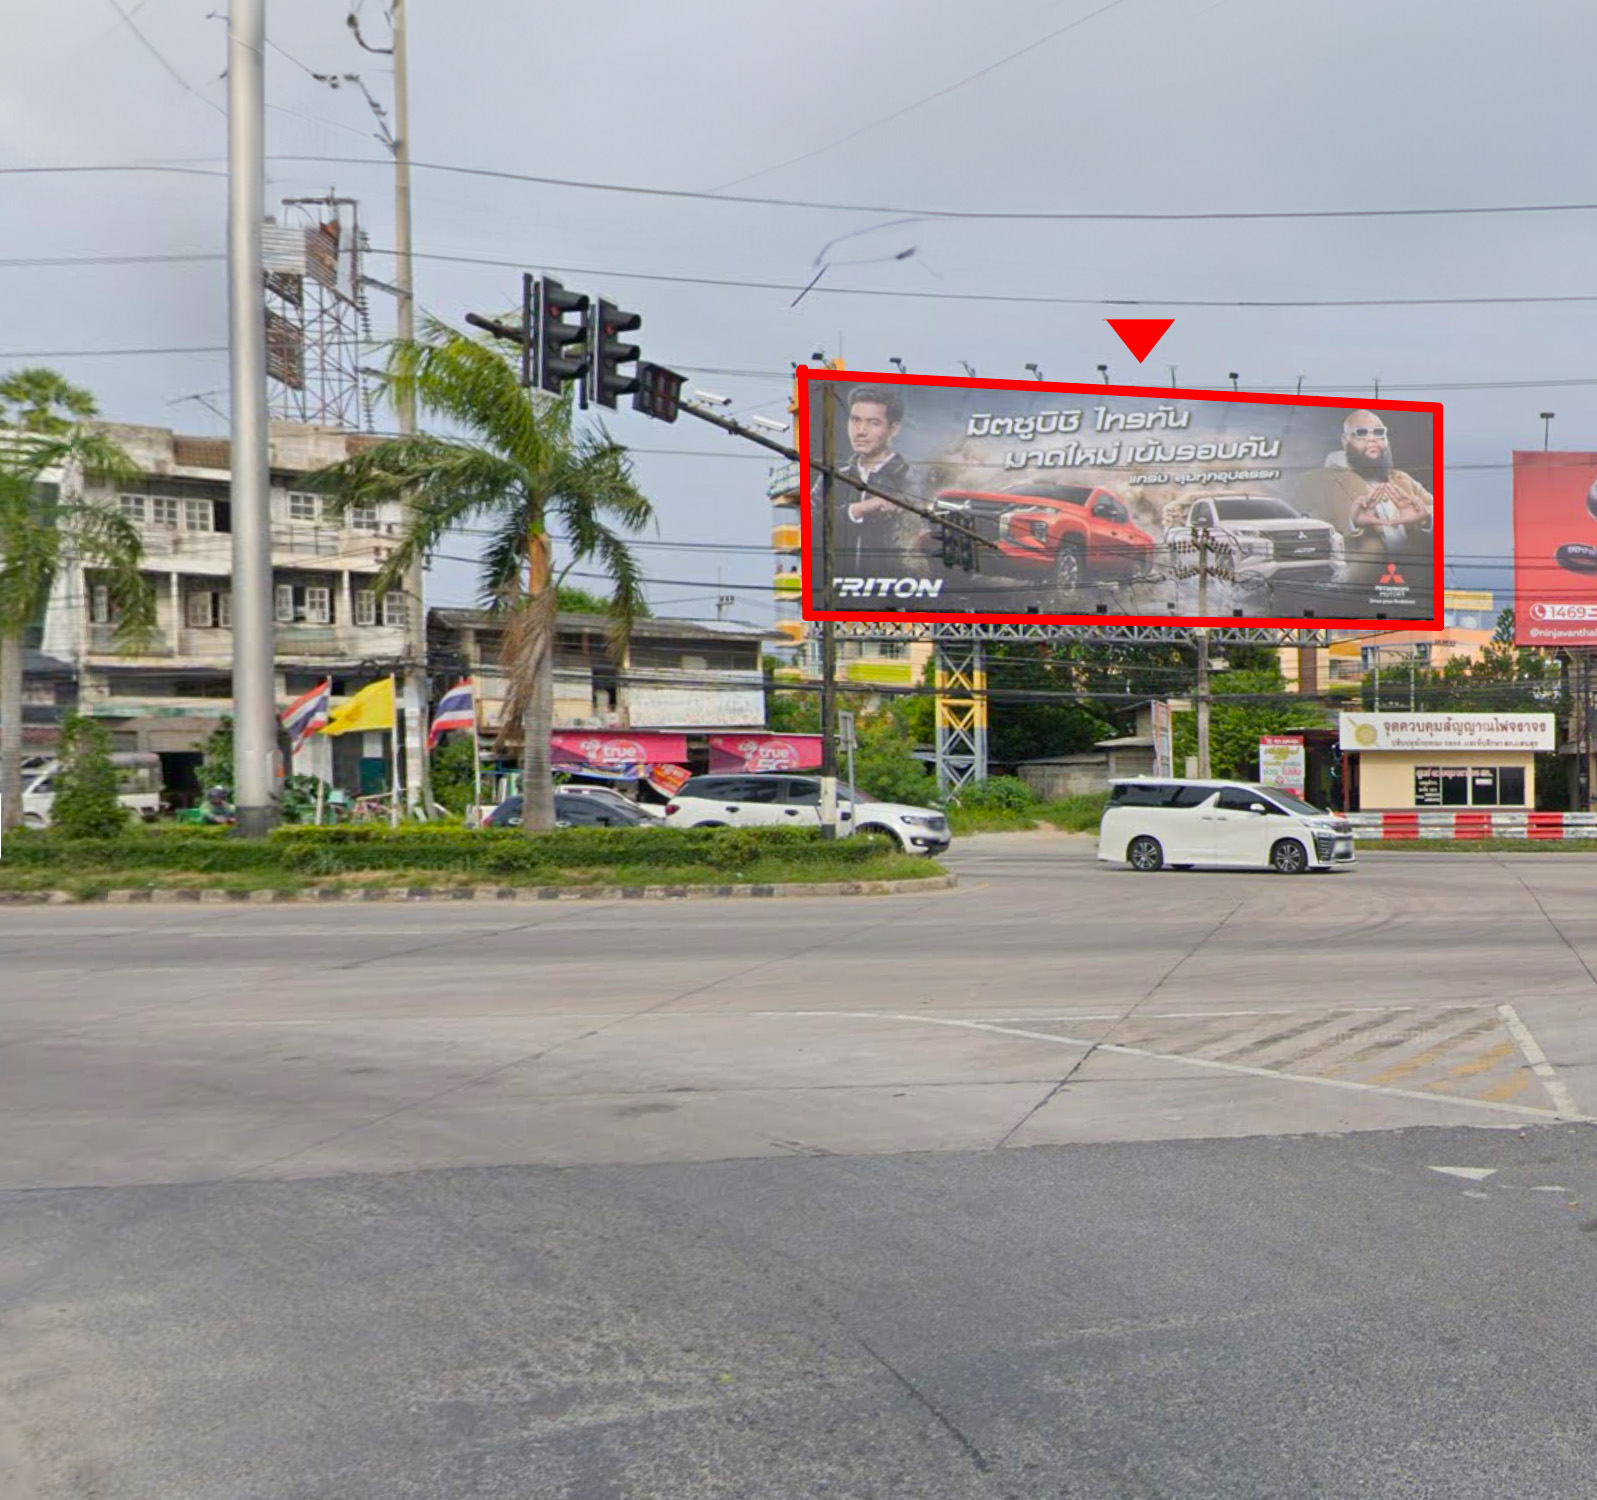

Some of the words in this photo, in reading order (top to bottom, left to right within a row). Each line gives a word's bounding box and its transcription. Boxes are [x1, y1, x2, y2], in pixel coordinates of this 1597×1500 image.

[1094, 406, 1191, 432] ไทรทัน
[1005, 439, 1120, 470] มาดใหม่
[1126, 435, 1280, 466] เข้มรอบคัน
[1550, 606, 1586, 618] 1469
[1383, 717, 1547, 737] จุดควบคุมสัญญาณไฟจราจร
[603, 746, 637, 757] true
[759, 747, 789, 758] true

_ _ _ _ _ _ _

▸ **WHAT TO WORK ON**:
Set down the data exactly as it appears, without any images.

▸ **ANSWER BOX**:
Some of the words in this photo, in reading order (top to bottom, left to right within a row). Each line gives a word's bounding box and its transcription. Boxes are [x1, y1, x2, y2], in pixel coordinates of this 1597×1500 image.

[1094, 406, 1191, 432] ไทรทัน
[1005, 439, 1120, 470] มาดใหม่
[1126, 435, 1280, 466] เข้มรอบคัน
[1550, 606, 1586, 618] 1469
[1383, 717, 1547, 737] จุดควบคุมสัญญาณไฟจราจร
[603, 746, 637, 757] true
[759, 747, 789, 758] true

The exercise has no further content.